On se souvient que, poursuivis par Javert, Jean Valjean et Cosette escaladent un mur et se retrouvent par hasard dans le couvent fictif du Petit-Picpus, qui va devenir leur asile. L’univers du couvent donc, c’est-à-dire, d’abord, les excès malsains d’une dévotion déréglée (II, 7, 2) :

Le couvent espagnol surtout est funèbre. Là montent dans l’obscurité, sous des voûtes pleines de brume, sous des dômes vagues à force d’ombre, de massifs autels babéliques, hauts comme des cathédrales ; là pendent à des chaînes dans les ténèbres d’immenses crucifix blancs ; là s’étalent, nus sur l’ébène, de grands Christs d’ivoire ; plus que sanglants, saignants ; hideux et magnifiques, les coudes montrant les os, les rotules montrant les téguments, les plaies montrant les chairs, couronnés d’épines d’argent, cloués de clous d’or, avec des gouttes de sang en rubis sur le front et des larmes en diamants dans les yeux. Les diamants et les rubis semblent mouillés, et font pleurer en bas dans l’ombre des êtres voilés qui ont les flancs meurtris par le cilice et par le fouet aux pointes de fer, les seins écrasés par des claies d’osier, les genoux écorchés par la prière ; des femmes qui se croient des épouses ; des spectres qui se croient des séraphins. Ces femmes pensent-elles ? non. Veulent-elles ? non. Aiment-elles ? non. Vivent-elles ? non. Leurs nerfs sont devenus des os ; leurs os sont devenus des pierres. Leur voile est de la nuit tissue. Leur souffle sous le voile ressemble à on ne sait quelle tragique respiration de la mort. L’abbesse, une larve, les sanctifie et les terrifie. L’immaculé est là, farouche. Tels sont les vieux monastères d’Espagne. Repaires de la dévotion terrible, antres de vierges, lieux féroces.

Le spectacle de la dévotion baroque est reconverti en antithèses romantiques. De nos jours, nous ne voyons plus que la grandiose rhétorique de cet art religieux de l’excès, comme au musée de Valladolid. Hugo, lui, est sensible à l’oppression religieuse qu’il y décèle. Mais tel n’est pas son dernier mot. Aux horreurs de l’obscurantisme, il oppose le couvent idéal, ou plutôt l’idéal du couvent : « Il suffit que ce soit le couvent possible, pour que j’en doive tenir compte. » Le couvent, admet-il, est fondé en droit : droit d’association, droit d’aller et venir, et donc de ne pas bouger. D’où le respect que, malgré tout, il mérite, à condition que la claustration y soit volontaire. Surtout, le couvent réalise selon lui l’idéal politique de l’égalité.

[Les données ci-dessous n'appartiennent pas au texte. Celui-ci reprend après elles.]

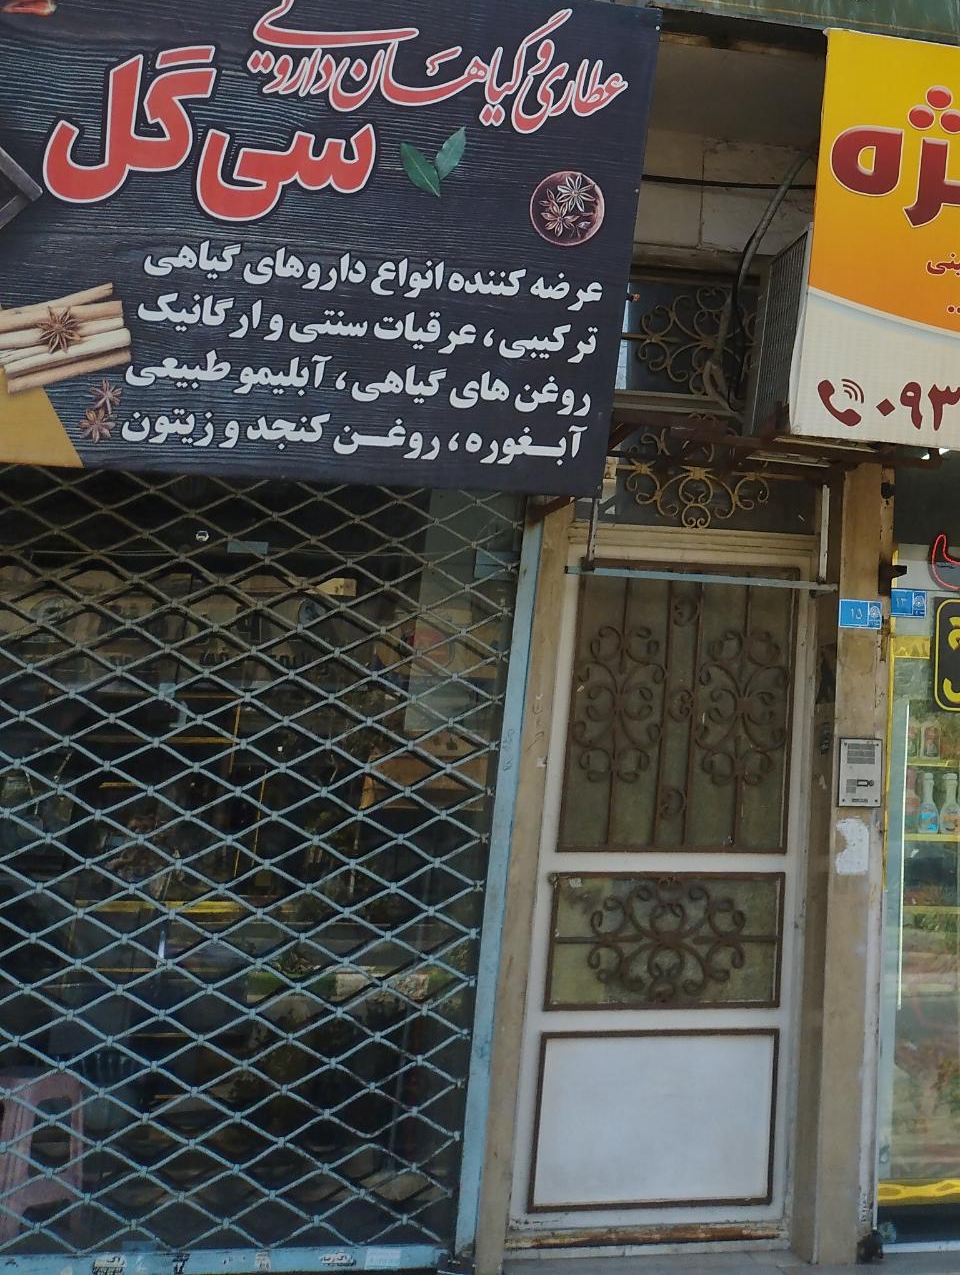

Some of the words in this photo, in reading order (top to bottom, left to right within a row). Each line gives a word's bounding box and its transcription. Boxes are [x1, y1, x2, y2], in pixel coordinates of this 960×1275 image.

[328, 7, 574, 127] گیاهان
[511, 58, 629, 135] عطاری
[41, 43, 218, 205] گل
[194, 121, 378, 224] سی
[142, 238, 241, 280] گیاهی
[242, 245, 368, 292] داروهای
[369, 257, 445, 296] انواع
[447, 268, 527, 301] کننده
[529, 269, 604, 312] عرضه
[136, 291, 262, 342] ارگانیک
[267, 312, 285, 342] و
[288, 307, 368, 344] سنتی
[373, 309, 478, 356] عرقیات
[123, 349, 232, 391] طبیعی
[232, 354, 333, 397] آبلیمو
[447, 370, 511, 409] های
[513, 374, 593, 417] روغن
[119, 407, 214, 448] زیتون
[223, 419, 241, 447] و
[244, 412, 331, 451] کنجد
[332, 418, 441, 461] روغن

Pas un d’eux ne possède en propriété quoi que ce soit. En entrant là, celui qui était riche se fait pauvre. Ce qu’il a, il le donne à tous. Celui qui était ce qu’on appelle noble, gentilhomme et seigneur, est l’égal de celui qui était paysan. La cellule est identique pour tous. Tous subissent la même tonsure, portent le même froc, mangent le même pain noir, dorment sur la même paille, meurent sur la même cendre. Le même sac sur le dos, la même corde autour des reins. Si le parti pris est d’aller pieds nus, tous vont pieds nus. Il peut y avoir là un prince, ce prince est la même ombre que les autres. Plus de titres. Les noms de famille même ont disparu. Ils ne portent que des prénoms. Tous sont courbés sous l’égalité des noms de baptême. […] Là où il y a la communauté, il y a la commune; là où il y a la commune, il y a le droit. Le monastère est le produit de la formule : Egalité, Fraternité. Oh! que la Liberté est grande ! et quelle transfiguration splendide ! la Liberté suffit à transformer le monastère en république (II, 7, 4).

Par un étonnant retournement, le couvent, symbole de l’arriération religieuse, serait aussi l’incarnation par excellence de l’utopie progressiste, y ajoutât-on la liberté. (Du côté de l’oppression, le couvent de femmes. Du côté de la fraternité égalitaire, le monastère masculin…)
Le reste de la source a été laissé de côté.